Kronik kasık ağrısının ameliyatla düzeltilmesi açık onlay yama formülüyle yapılmış onarımlardan sonra nispeten daha kolaydır. Yamanın ya da dikişin ağrıya neden olduğu nahiyeyi velev noktayı tespit etmek daha kolaydır ve buradaki dikiş çözülerek ya da yama kesimi çıkarılarak hastaya ağrısız bir hayat sağlanabilir. Lakin örtülü (endoskopik/laparoskopik) onarımlarda yama karın içinde ve yamayı tespit eden dikiş ve zımbalar daha derinde olduğu için tedavi nispeten zordur.
Kasık fıtıkları sonrasında görülen ve konservatif tedavi seçeneklerine karşılık vermeyen kronik ağrıda ise yamanın aşikâr bir kesime bası ile ağrı oluşturması nadirdir; bu nedenle yamanı o kısmının çıkarılması ile şifa sağlanması pek mümkün değildir. Velev birden fazla olguda yamanın tamamının çıkarılması bile ağrıyı sonlandırmaya yetmez. Nöropatik ağrılarda bölgesel sonların büsbütün çıkarılması en gerçek ve dinamik yaklaşımdır. “Triple neurectomy” ismi verilen bu cerrahi teşebbüs Lichtenstein Fıtık Enstitüsü yöneticisi Prof. Amid tarafından tanımlanmış ve nispeten yaygın tasarruf yeri bulmuştur. Tarafımızdan da uygulanan bu ameliyatın sonuçları yüz güldürücüdür. Bu ameliyat lokal yahut umumî anestezi ile yapılabilir. Çok yeterli anatomi malumatı gerektiren bu cerrahi teşebbüste kesimdeki her üç had (ilioinguinal had, the iliohipogastrik had ve genitofemoral sonun genital dalı) bulunarak çıkarılır (ilk iki hududun kaslar içinde proksimal kısımları da bulunarak yer hadlerine kadar takip edilir ve çıkarılır). Birçok vakada yamanın da çıkarılması elverişli olmaktadır. Yamanın toplanarak bir kitle oluşturduğu (meshoma) olgularda yama çıkarılması zaruridir. Bunun bölgesine tekrar yama yerleştirilip yerleştirilmeyeceği konusu açık değildir ve vakanın durumu ile cerrahın kararına bağlıdır.

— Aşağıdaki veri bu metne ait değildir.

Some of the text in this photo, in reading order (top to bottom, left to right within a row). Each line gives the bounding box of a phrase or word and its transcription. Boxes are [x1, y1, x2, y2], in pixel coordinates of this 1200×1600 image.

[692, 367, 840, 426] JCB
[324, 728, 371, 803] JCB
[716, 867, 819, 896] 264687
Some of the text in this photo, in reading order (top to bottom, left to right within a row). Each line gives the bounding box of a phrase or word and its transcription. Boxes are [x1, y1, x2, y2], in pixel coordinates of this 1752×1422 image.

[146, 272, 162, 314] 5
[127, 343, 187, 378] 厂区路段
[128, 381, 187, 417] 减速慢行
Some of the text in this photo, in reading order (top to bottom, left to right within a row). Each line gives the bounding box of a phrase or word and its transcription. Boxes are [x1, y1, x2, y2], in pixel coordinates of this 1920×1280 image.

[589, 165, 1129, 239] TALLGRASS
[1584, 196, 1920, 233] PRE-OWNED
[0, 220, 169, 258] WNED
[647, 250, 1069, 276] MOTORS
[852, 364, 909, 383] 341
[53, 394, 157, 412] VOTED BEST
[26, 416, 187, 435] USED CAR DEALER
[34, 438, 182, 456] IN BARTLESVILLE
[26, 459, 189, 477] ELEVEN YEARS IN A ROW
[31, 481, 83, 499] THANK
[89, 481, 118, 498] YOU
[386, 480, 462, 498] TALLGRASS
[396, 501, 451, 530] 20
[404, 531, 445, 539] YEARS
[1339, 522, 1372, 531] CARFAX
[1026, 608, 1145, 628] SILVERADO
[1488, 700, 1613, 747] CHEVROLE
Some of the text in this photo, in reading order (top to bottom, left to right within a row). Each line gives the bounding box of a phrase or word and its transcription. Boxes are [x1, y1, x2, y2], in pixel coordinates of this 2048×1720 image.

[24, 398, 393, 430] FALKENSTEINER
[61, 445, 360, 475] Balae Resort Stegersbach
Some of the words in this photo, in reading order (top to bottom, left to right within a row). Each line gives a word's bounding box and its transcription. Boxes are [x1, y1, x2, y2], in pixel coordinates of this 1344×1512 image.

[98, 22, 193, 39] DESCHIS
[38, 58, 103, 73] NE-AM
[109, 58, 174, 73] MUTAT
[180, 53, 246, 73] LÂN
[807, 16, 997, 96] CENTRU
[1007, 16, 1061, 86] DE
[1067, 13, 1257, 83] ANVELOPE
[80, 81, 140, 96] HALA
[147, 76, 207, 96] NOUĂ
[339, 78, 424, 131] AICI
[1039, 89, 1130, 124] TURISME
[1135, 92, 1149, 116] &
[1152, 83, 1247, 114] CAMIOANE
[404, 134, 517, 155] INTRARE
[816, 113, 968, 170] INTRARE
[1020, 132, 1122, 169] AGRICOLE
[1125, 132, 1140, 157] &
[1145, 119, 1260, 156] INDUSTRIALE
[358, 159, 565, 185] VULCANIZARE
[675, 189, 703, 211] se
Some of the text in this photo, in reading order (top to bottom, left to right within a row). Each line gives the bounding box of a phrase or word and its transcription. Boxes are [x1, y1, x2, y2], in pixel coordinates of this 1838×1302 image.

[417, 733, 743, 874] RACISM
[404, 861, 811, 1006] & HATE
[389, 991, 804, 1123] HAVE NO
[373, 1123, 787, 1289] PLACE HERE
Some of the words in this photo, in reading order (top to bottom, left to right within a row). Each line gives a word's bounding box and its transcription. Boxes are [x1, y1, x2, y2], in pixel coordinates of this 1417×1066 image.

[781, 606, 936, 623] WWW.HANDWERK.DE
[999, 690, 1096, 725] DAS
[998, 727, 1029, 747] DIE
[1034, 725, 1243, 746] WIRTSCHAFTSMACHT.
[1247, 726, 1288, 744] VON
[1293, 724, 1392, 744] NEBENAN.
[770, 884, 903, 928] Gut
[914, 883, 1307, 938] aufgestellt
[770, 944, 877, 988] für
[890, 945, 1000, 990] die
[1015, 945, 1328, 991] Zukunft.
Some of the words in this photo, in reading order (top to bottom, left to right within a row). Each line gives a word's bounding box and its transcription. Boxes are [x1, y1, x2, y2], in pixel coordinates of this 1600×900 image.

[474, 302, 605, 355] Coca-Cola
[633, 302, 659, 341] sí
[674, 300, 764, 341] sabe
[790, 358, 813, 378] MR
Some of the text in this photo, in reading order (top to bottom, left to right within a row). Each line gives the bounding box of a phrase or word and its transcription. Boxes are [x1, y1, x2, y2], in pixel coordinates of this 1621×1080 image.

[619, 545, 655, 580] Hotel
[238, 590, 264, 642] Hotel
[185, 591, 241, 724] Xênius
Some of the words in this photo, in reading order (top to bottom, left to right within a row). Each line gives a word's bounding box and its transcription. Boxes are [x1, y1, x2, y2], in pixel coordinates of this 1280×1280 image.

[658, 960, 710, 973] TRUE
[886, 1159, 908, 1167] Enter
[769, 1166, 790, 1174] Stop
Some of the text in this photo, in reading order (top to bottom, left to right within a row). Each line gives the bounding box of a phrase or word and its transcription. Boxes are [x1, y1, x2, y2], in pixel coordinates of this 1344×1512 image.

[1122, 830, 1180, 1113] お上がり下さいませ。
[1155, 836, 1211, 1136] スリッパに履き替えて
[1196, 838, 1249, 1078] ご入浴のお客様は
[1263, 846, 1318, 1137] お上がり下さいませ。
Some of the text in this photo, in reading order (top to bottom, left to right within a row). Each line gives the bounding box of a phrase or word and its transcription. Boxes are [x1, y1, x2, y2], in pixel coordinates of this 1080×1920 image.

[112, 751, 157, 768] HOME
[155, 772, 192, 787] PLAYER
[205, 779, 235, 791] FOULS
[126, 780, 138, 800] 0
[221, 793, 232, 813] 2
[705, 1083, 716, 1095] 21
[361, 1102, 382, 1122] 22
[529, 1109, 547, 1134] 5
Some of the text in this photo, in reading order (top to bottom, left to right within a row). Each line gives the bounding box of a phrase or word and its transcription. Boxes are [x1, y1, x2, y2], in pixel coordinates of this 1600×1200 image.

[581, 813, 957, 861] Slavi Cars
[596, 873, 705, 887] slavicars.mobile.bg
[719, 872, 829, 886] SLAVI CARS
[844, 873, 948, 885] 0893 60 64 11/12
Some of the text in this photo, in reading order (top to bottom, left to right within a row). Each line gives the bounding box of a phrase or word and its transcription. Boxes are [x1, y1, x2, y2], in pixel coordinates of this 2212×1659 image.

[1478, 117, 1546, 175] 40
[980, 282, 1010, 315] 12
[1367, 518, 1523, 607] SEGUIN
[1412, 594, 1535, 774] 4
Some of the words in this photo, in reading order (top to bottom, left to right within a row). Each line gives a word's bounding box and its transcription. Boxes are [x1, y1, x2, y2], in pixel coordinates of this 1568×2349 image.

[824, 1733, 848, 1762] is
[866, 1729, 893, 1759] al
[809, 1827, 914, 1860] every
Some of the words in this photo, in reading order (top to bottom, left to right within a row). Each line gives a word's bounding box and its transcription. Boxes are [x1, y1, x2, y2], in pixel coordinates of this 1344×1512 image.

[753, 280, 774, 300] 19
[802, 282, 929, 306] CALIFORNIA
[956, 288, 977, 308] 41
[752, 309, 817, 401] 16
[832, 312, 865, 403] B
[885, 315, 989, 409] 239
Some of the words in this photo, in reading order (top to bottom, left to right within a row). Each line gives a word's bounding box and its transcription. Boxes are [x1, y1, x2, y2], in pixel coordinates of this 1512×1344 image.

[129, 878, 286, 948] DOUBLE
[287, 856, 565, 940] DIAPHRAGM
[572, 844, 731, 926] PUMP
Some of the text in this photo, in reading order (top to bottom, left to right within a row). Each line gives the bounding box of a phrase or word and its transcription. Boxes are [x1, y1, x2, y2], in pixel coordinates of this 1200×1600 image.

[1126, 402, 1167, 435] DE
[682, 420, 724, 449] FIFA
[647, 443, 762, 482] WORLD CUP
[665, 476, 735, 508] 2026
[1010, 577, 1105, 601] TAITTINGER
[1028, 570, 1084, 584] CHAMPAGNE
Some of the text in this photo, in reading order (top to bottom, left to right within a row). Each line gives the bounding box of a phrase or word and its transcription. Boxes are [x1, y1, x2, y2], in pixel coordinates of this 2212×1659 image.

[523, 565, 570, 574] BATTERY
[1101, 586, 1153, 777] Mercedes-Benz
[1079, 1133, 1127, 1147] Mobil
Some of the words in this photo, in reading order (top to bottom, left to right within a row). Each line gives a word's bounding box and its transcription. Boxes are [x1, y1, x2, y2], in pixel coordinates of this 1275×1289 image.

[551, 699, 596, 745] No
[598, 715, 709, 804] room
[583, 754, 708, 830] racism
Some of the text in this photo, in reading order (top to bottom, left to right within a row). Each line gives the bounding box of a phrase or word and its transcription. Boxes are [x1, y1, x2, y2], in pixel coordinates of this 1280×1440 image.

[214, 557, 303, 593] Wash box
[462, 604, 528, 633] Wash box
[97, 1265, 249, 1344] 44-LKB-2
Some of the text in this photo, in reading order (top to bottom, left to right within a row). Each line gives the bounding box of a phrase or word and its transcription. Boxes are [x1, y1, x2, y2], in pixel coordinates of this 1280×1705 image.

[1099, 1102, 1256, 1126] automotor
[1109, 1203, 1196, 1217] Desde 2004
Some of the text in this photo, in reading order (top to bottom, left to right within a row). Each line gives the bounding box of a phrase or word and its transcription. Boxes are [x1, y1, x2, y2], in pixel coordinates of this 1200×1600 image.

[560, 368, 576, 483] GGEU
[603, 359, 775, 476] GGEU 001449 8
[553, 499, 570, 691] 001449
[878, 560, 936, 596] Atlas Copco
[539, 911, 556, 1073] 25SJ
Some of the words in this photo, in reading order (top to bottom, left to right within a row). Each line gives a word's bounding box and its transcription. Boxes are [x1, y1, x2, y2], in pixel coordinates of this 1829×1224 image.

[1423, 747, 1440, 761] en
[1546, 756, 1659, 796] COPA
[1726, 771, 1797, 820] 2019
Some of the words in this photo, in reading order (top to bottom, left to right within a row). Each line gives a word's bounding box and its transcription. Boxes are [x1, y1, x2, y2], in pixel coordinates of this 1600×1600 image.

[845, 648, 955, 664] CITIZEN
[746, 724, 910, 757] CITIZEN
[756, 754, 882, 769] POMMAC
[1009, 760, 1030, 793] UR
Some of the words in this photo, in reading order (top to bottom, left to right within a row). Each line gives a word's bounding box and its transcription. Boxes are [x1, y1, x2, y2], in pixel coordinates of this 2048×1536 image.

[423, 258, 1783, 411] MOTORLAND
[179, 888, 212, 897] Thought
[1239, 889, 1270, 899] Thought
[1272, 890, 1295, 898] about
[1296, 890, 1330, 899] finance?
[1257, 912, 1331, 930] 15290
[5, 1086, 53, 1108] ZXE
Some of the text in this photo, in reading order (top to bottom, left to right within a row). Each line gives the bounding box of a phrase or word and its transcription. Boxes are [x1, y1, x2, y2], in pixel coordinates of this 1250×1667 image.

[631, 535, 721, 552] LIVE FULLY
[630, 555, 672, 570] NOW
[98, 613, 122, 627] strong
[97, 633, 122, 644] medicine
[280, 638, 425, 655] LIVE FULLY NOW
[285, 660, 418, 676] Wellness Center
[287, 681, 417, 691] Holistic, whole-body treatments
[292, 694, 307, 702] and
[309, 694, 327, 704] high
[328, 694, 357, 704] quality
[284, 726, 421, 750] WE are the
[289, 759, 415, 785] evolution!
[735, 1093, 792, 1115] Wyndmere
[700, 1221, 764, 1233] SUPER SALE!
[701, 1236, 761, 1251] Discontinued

Fıtık ameliyatlarından sonraki kronik ağrıyı yama pratiğine bağlayan birtakım kanıtlar ve birçok cerrah olmakla birlikte bugün için kanıta dayalı tıp boyutunda yama tatbiklerinin gerek nüks gerekse postoperatif kronik ağrı açısından doku-dikiş onarımlarına nazaran daha başarılı olduğu ve komplikasyon orantısının da daha düşük olduğu ortadadır. Bununla birlikte seçilmiş olgularda dikiş onarımlarının uygulanması alanında tercih olabilir. En değerli noktanın cerrahın deneyimi ve anatomi haberi olduğu gerçeği akılda tutulmalıdır.